[Source data]

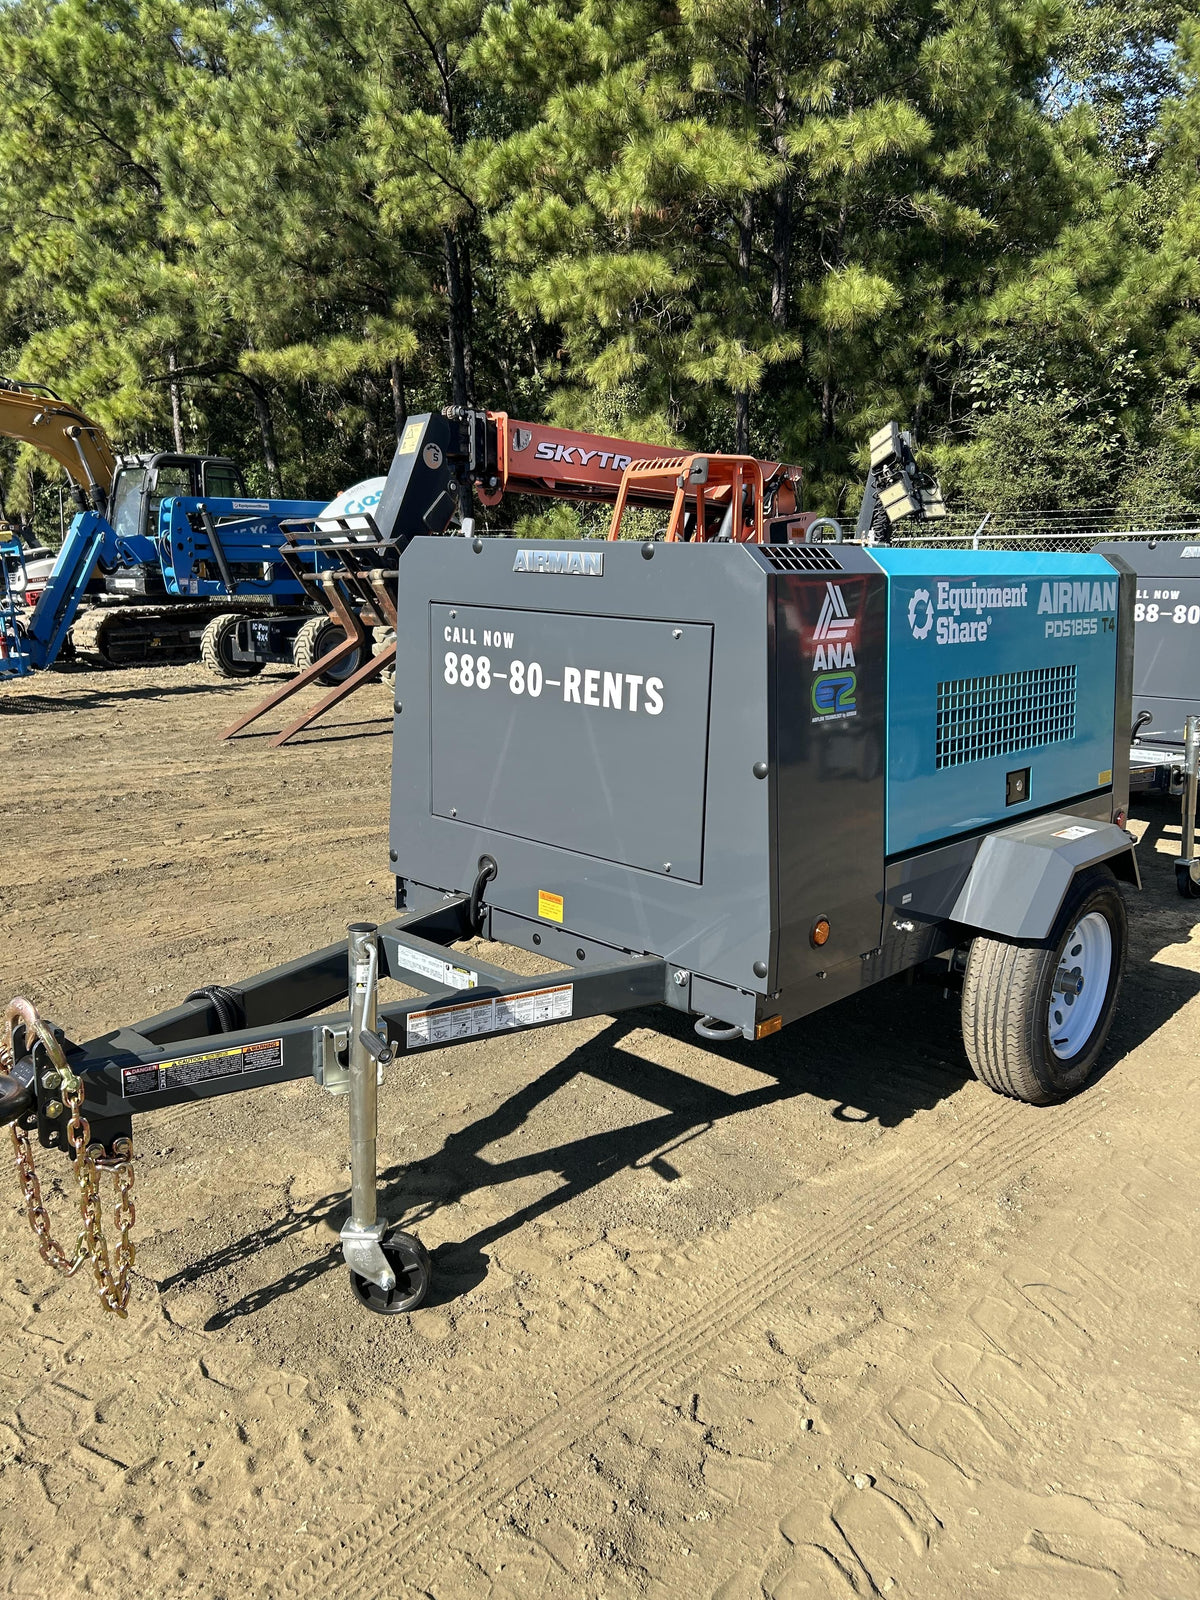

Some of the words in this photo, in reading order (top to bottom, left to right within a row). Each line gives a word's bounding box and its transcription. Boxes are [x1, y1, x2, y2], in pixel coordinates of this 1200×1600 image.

[513, 550, 604, 576] AIRMAN
[937, 581, 1028, 615] Equipment
[1037, 581, 1117, 615] AIRMAN
[1153, 590, 1180, 600] NOW
[444, 626, 477, 645] CALL
[483, 629, 515, 649] NOW
[1045, 618, 1098, 639] PDS185S
[1102, 616, 1115, 633] T4
[812, 642, 856, 671] ANA
[444, 651, 664, 715] 888-80-RENTS

-- BRIEF --
Word for word, retype all of the data above, but include no pictures.

-- ANSWER TO THIS TASK --
Some of the words in this photo, in reading order (top to bottom, left to right within a row). Each line gives a word's bounding box and its transcription. Boxes are [x1, y1, x2, y2], in pixel coordinates of this 1200×1600 image.

[513, 550, 604, 576] AIRMAN
[937, 581, 1028, 615] Equipment
[1037, 581, 1117, 615] AIRMAN
[1153, 590, 1180, 600] NOW
[444, 626, 477, 645] CALL
[483, 629, 515, 649] NOW
[1045, 618, 1098, 639] PDS185S
[1102, 616, 1115, 633] T4
[812, 642, 856, 671] ANA
[444, 651, 664, 715] 888-80-RENTS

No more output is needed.